## Work instructions
Lines from the one containing "this 1333×1231 image." through the last line of the data below are to be returned exactly; leave out the rest.
*** Data for processing Section Begins ***
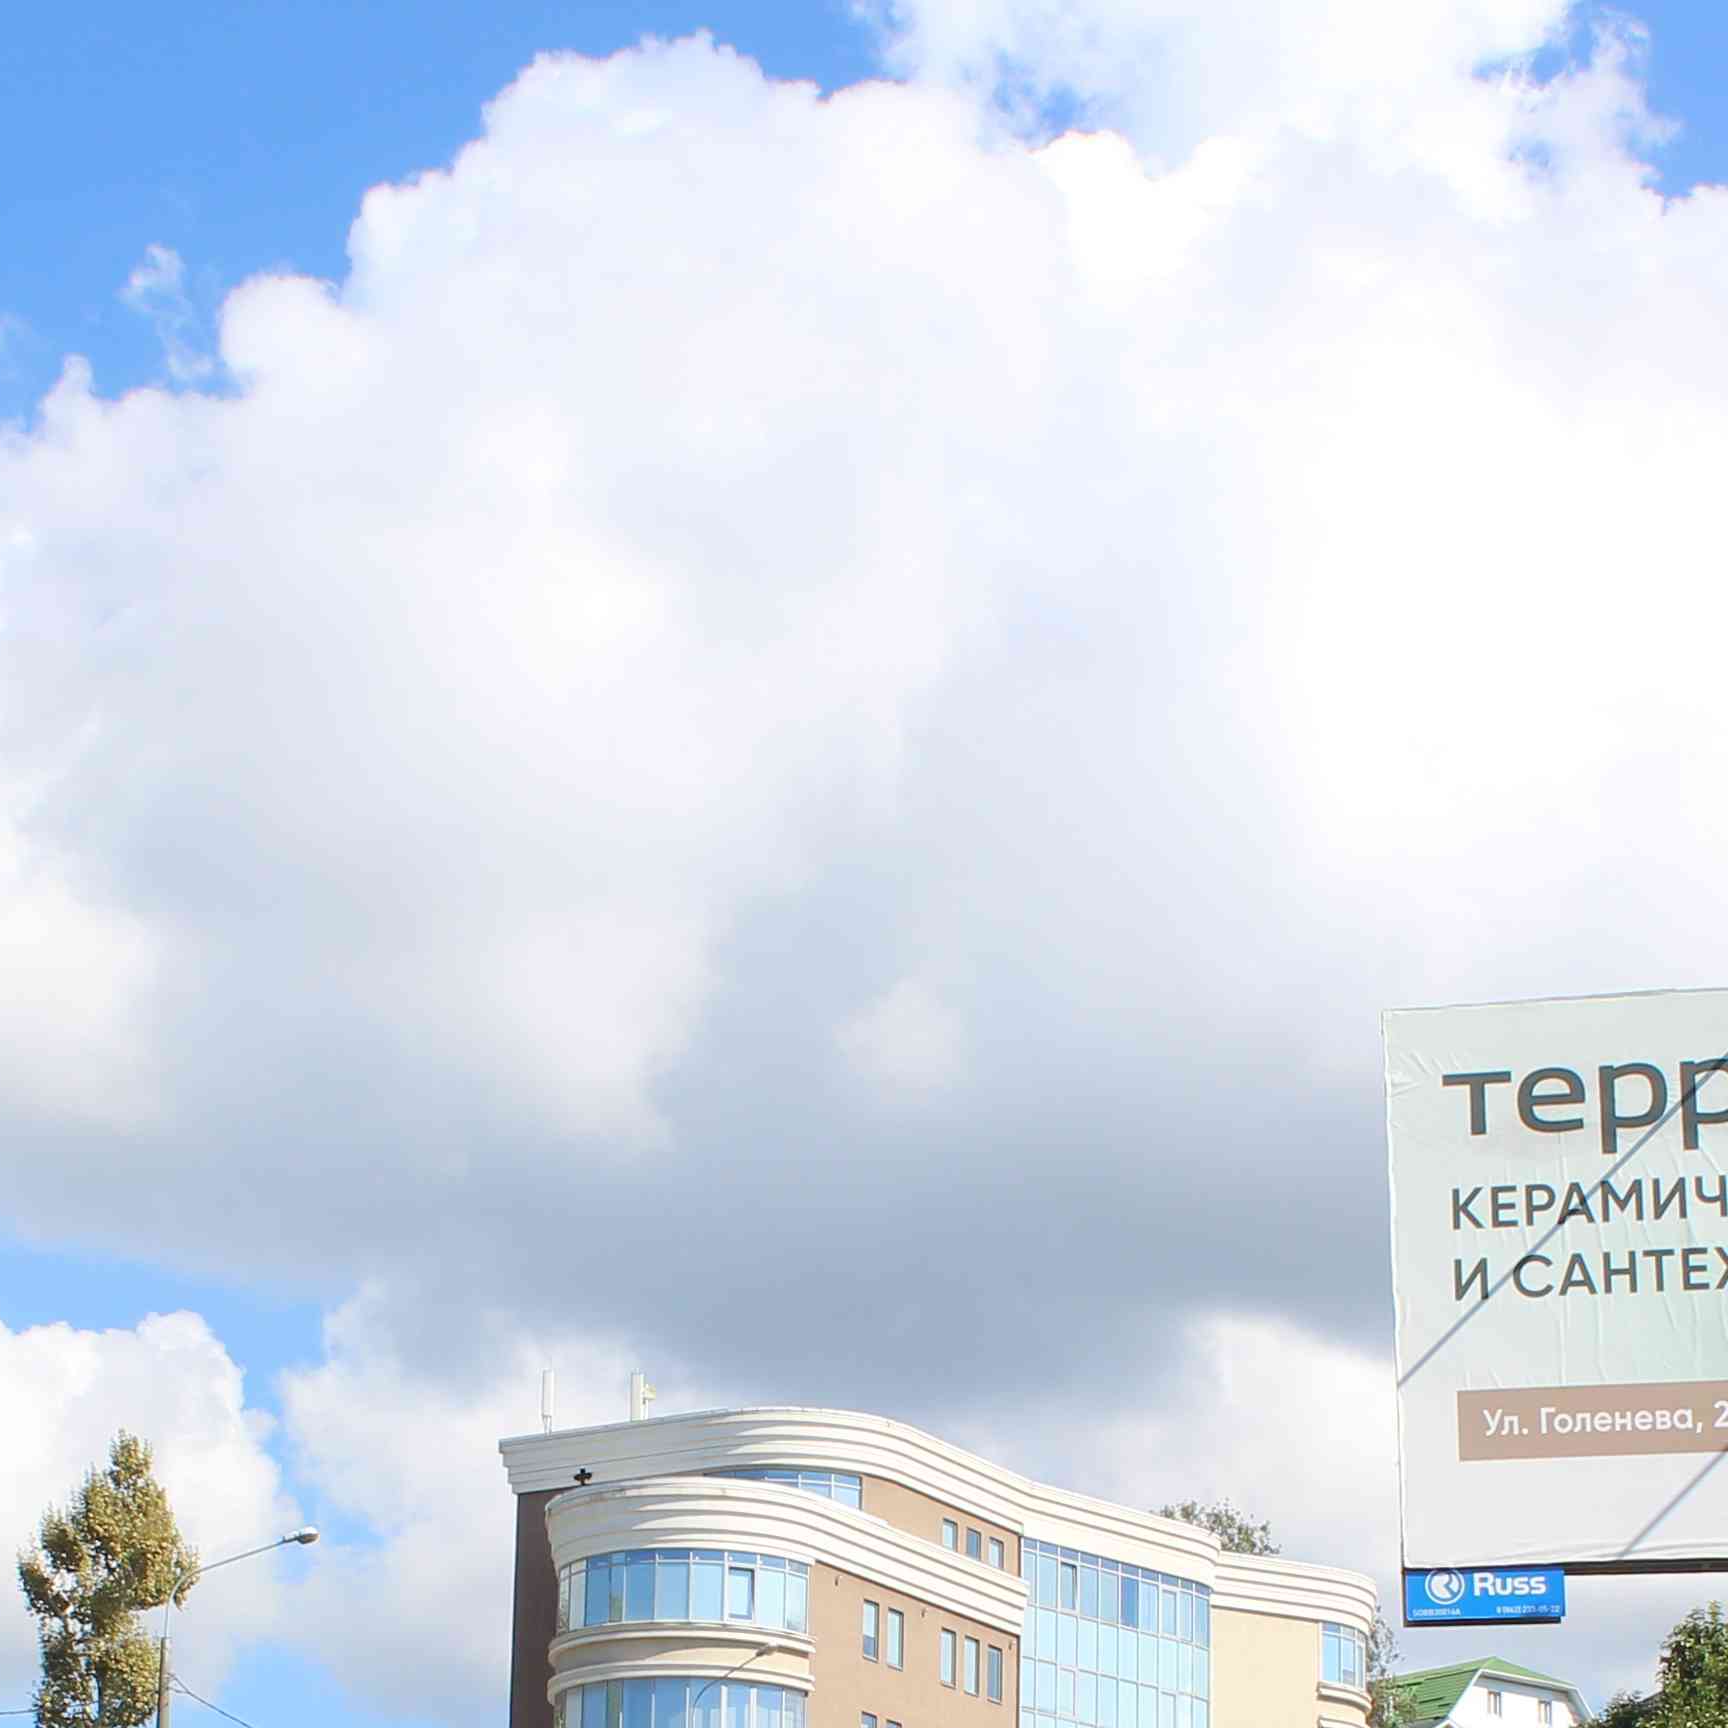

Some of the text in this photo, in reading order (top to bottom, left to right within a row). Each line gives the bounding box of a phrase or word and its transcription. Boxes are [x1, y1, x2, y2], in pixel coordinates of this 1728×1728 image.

[1453, 1257, 1490, 1301] И
[1482, 1408, 1529, 1437] Ул.
[1539, 1406, 1703, 1434] Голенева,
[1472, 1572, 1547, 1597] Russ
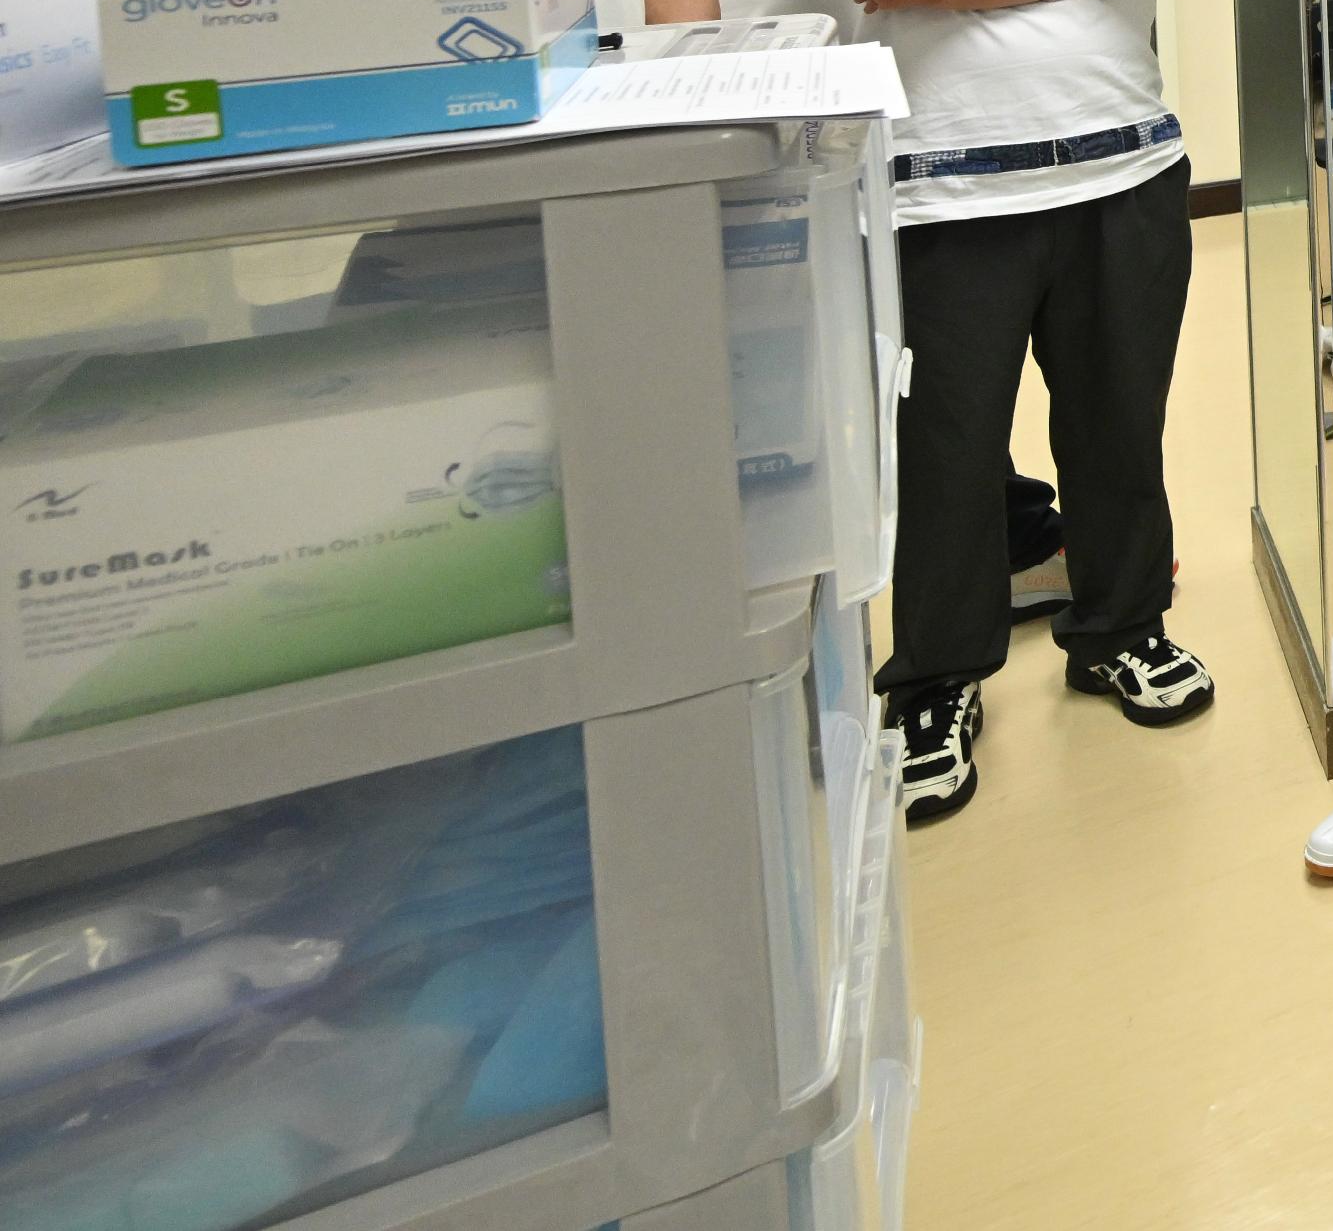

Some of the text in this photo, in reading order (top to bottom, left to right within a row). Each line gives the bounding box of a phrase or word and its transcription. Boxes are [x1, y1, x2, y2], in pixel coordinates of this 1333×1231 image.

[163, 87, 191, 113] S
[18, 540, 212, 591] SureMask
[125, 567, 211, 591] Medical
[214, 552, 280, 575] Grade
[329, 535, 361, 554] On
*** Data for processing Section Ends ***
## Response area
Some of the text in this photo, in reading order (top to bottom, left to right within a row). Each line gives the bounding box of a phrase or word and its transcription. Boxes are [x1, y1, x2, y2], in pixel coordinates of this 1333×1231 image.

[163, 87, 191, 113] S
[18, 540, 212, 591] SureMask
[125, 567, 211, 591] Medical
[214, 552, 280, 575] Grade
[329, 535, 361, 554] On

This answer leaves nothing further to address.